- **EXERCISE OBJECTIVE**
Below are records to repeat exactly; do not include any pictures.
......
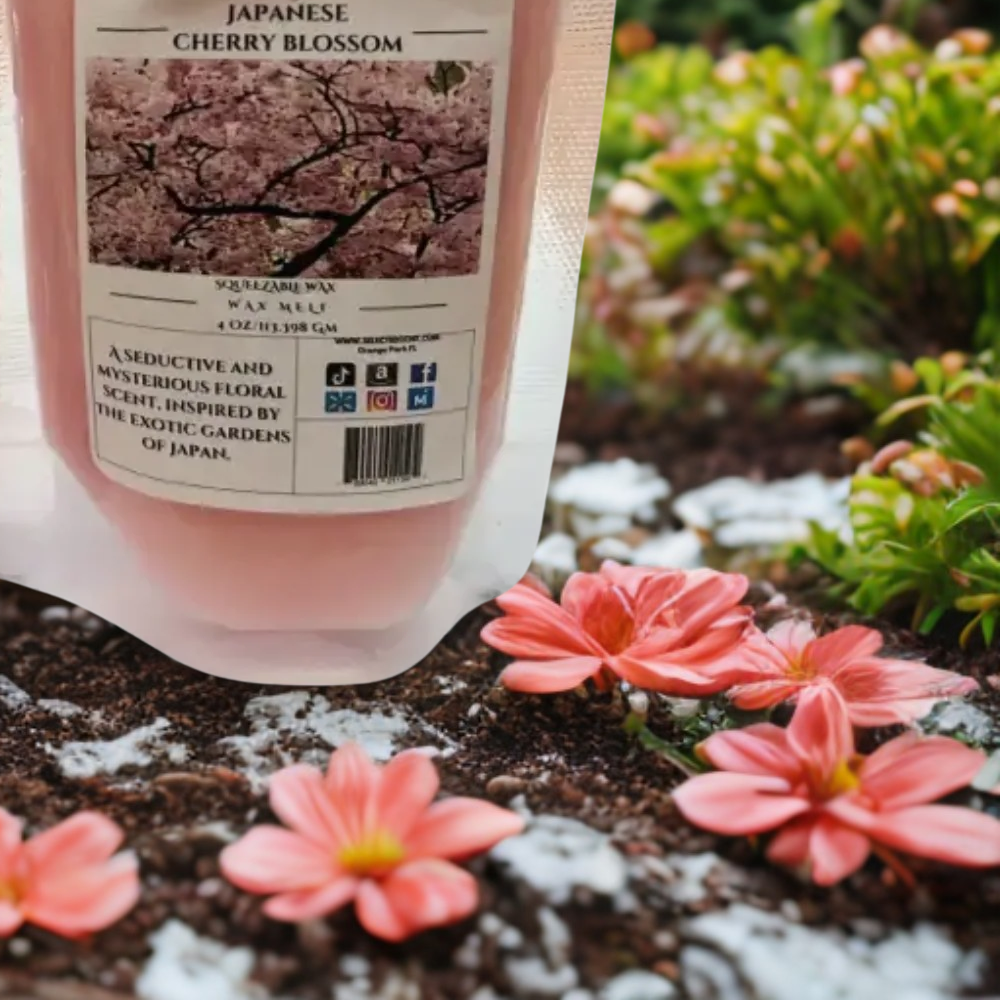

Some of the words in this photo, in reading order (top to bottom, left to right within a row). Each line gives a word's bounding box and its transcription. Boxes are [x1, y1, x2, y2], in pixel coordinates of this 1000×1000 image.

[227, 3, 349, 25] JAPANESE
[172, 33, 275, 52] CHERRY
[283, 34, 403, 53] BLOSSOM
[228, 299, 267, 313] WAX
[109, 345, 123, 363] A
[123, 349, 226, 373] SEDUCTIVE
[230, 361, 273, 376] AND
[97, 364, 210, 394] MYSTERIOUS
[214, 382, 288, 399] FLORAL
[165, 398, 253, 419] INSPIRED
[257, 407, 281, 421] BY
[95, 402, 126, 422] THE
[130, 413, 197, 436] EXOTIC
[201, 424, 291, 443] GARDENS
[142, 437, 166, 451] OF
[170, 442, 231, 460] JAPAN.
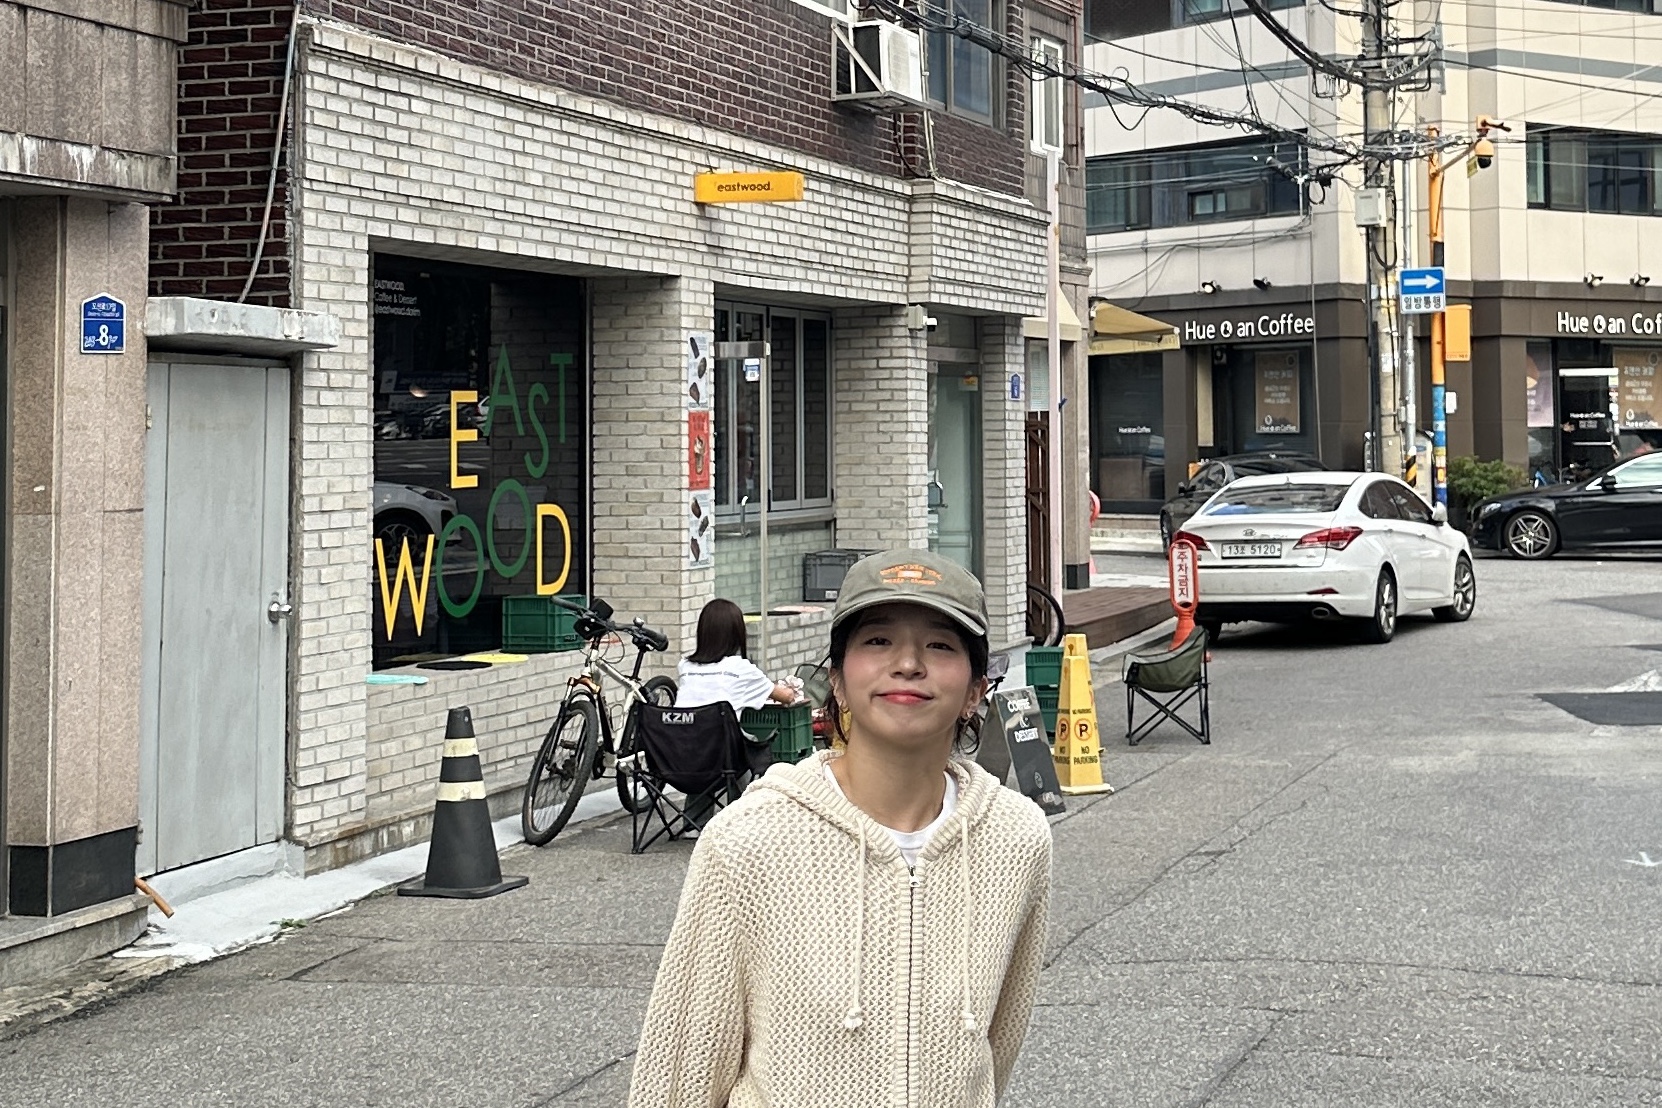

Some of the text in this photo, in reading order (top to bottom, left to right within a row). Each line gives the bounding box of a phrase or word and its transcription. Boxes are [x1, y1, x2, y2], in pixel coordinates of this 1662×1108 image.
......
- **RESULT OF THIS TASK**
Some of the words in this photo, in reading order (top to bottom, left to right within a row). Each line gives a word's bounding box and its transcription. Boxes are [x1, y1, x2, y2], in pixel coordinates of this 1000×1000 image.

[227, 3, 349, 25] JAPANESE
[172, 33, 275, 52] CHERRY
[283, 34, 403, 53] BLOSSOM
[228, 299, 267, 313] WAX
[109, 345, 123, 363] A
[123, 349, 226, 373] SEDUCTIVE
[230, 361, 273, 376] AND
[97, 364, 210, 394] MYSTERIOUS
[214, 382, 288, 399] FLORAL
[165, 398, 253, 419] INSPIRED
[257, 407, 281, 421] BY
[95, 402, 126, 422] THE
[130, 413, 197, 436] EXOTIC
[201, 424, 291, 443] GARDENS
[142, 437, 166, 451] OF
[170, 442, 231, 460] JAPAN.

Some of the text in this photo, in reading order (top to bottom, left to right within a row). Each line gives the bounding box of a phrase or word and its transcription. Boxes are [x1, y1, x2, y2], in pixel coordinates of this 1662×1108 image.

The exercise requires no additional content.